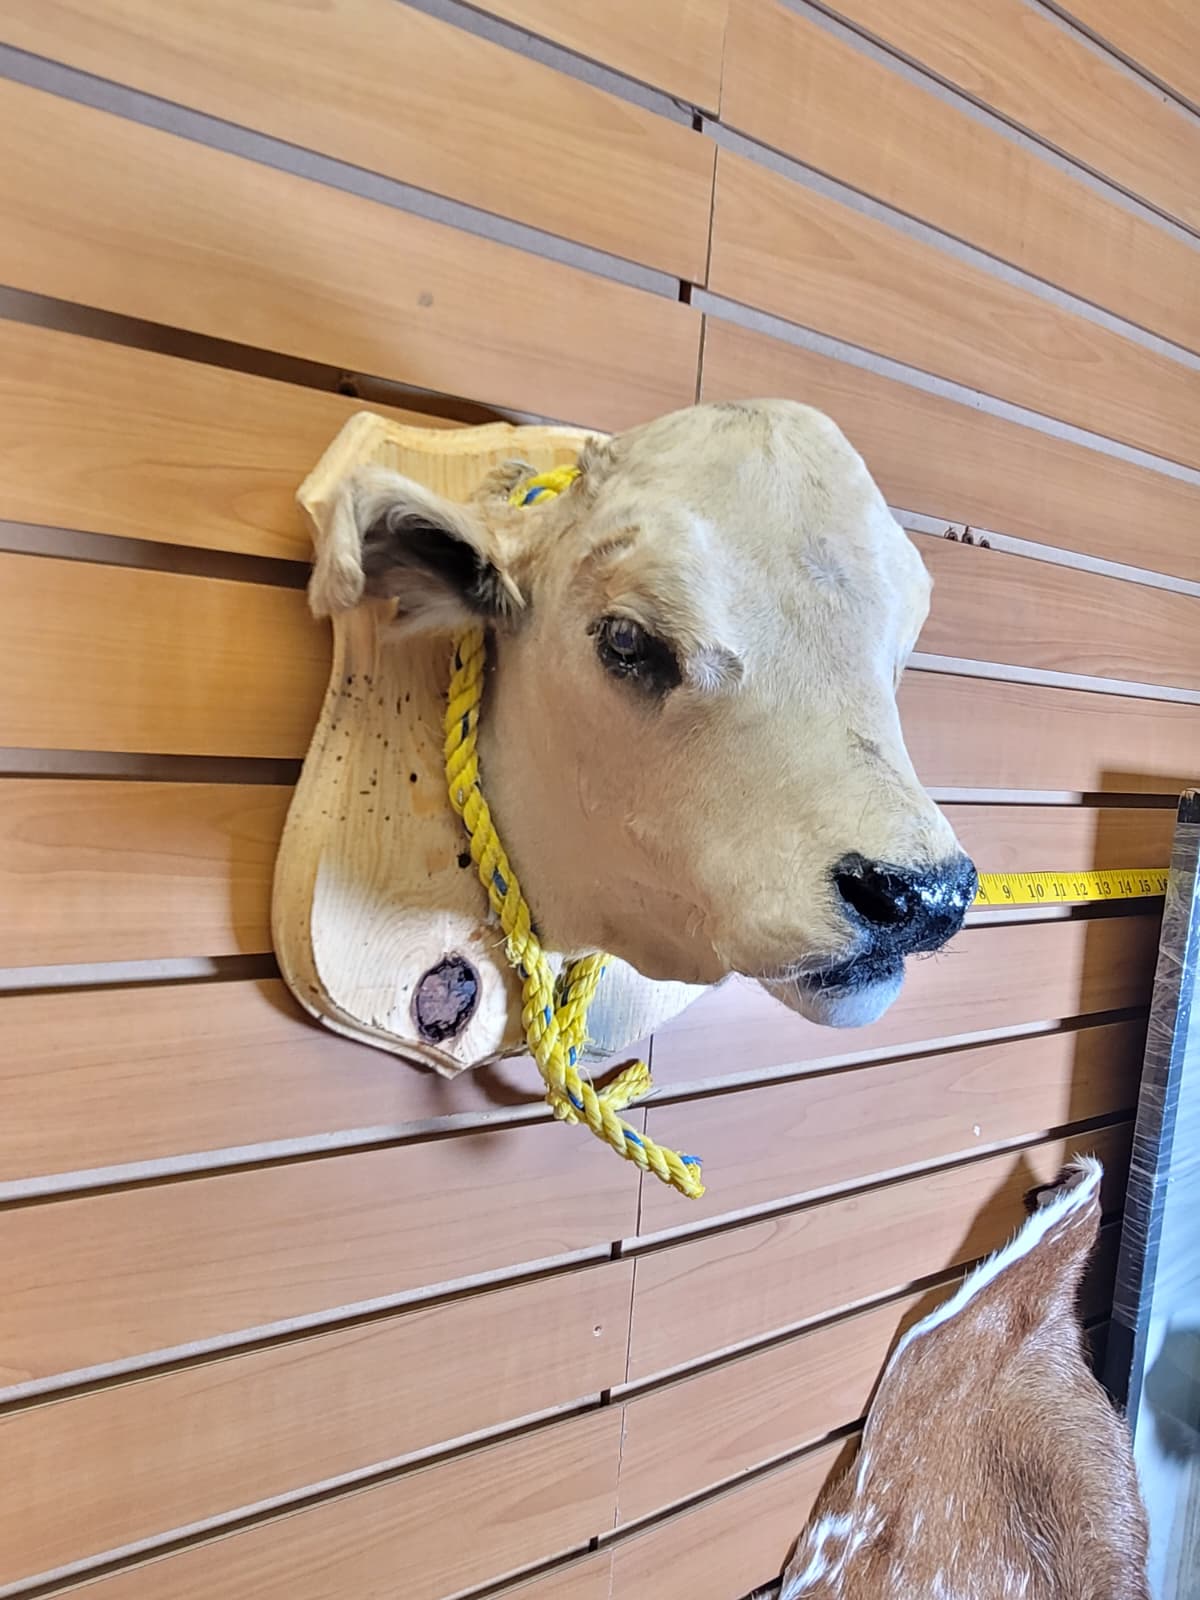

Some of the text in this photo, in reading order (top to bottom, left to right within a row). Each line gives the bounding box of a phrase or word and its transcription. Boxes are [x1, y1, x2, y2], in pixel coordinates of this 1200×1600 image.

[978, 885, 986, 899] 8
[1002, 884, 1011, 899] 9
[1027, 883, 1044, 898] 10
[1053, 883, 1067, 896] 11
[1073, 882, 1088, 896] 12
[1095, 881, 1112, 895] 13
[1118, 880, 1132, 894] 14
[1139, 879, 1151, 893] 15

----------

▸ PROMPT: Leave images out of the retyped records; keep all else exact.

▸ TASK RESULT:
Some of the text in this photo, in reading order (top to bottom, left to right within a row). Each line gives the bounding box of a phrase or word and its transcription. Boxes are [x1, y1, x2, y2], in pixel coordinates of this 1200×1600 image.

[978, 885, 986, 899] 8
[1002, 884, 1011, 899] 9
[1027, 883, 1044, 898] 10
[1053, 883, 1067, 896] 11
[1073, 882, 1088, 896] 12
[1095, 881, 1112, 895] 13
[1118, 880, 1132, 894] 14
[1139, 879, 1151, 893] 15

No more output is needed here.